• _YOUR ASSIGNMENT_: Here are some records. Print all of them exactly.

⁂

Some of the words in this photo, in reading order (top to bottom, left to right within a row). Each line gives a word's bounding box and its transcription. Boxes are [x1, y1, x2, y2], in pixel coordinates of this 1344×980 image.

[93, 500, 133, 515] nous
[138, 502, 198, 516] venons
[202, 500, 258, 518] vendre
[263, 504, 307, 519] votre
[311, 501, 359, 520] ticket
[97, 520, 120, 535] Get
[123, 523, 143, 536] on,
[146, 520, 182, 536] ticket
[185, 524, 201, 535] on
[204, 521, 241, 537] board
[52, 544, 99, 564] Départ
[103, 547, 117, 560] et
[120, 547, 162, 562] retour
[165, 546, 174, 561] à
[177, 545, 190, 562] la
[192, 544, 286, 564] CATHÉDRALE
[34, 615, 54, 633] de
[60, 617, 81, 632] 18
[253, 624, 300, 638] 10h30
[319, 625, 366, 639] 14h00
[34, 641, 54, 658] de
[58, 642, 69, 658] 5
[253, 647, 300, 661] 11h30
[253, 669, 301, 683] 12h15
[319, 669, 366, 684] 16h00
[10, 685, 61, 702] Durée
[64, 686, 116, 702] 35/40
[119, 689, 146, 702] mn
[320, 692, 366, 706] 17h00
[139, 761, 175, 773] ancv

⁂

• _TASK RESULT_:
Some of the words in this photo, in reading order (top to bottom, left to right within a row). Each line gives a word's bounding box and its transcription. Boxes are [x1, y1, x2, y2], in pixel coordinates of this 1344×980 image.

[93, 500, 133, 515] nous
[138, 502, 198, 516] venons
[202, 500, 258, 518] vendre
[263, 504, 307, 519] votre
[311, 501, 359, 520] ticket
[97, 520, 120, 535] Get
[123, 523, 143, 536] on,
[146, 520, 182, 536] ticket
[185, 524, 201, 535] on
[204, 521, 241, 537] board
[52, 544, 99, 564] Départ
[103, 547, 117, 560] et
[120, 547, 162, 562] retour
[165, 546, 174, 561] à
[177, 545, 190, 562] la
[192, 544, 286, 564] CATHÉDRALE
[34, 615, 54, 633] de
[60, 617, 81, 632] 18
[253, 624, 300, 638] 10h30
[319, 625, 366, 639] 14h00
[34, 641, 54, 658] de
[58, 642, 69, 658] 5
[253, 647, 300, 661] 11h30
[253, 669, 301, 683] 12h15
[319, 669, 366, 684] 16h00
[10, 685, 61, 702] Durée
[64, 686, 116, 702] 35/40
[119, 689, 146, 702] mn
[320, 692, 366, 706] 17h00
[139, 761, 175, 773] ancv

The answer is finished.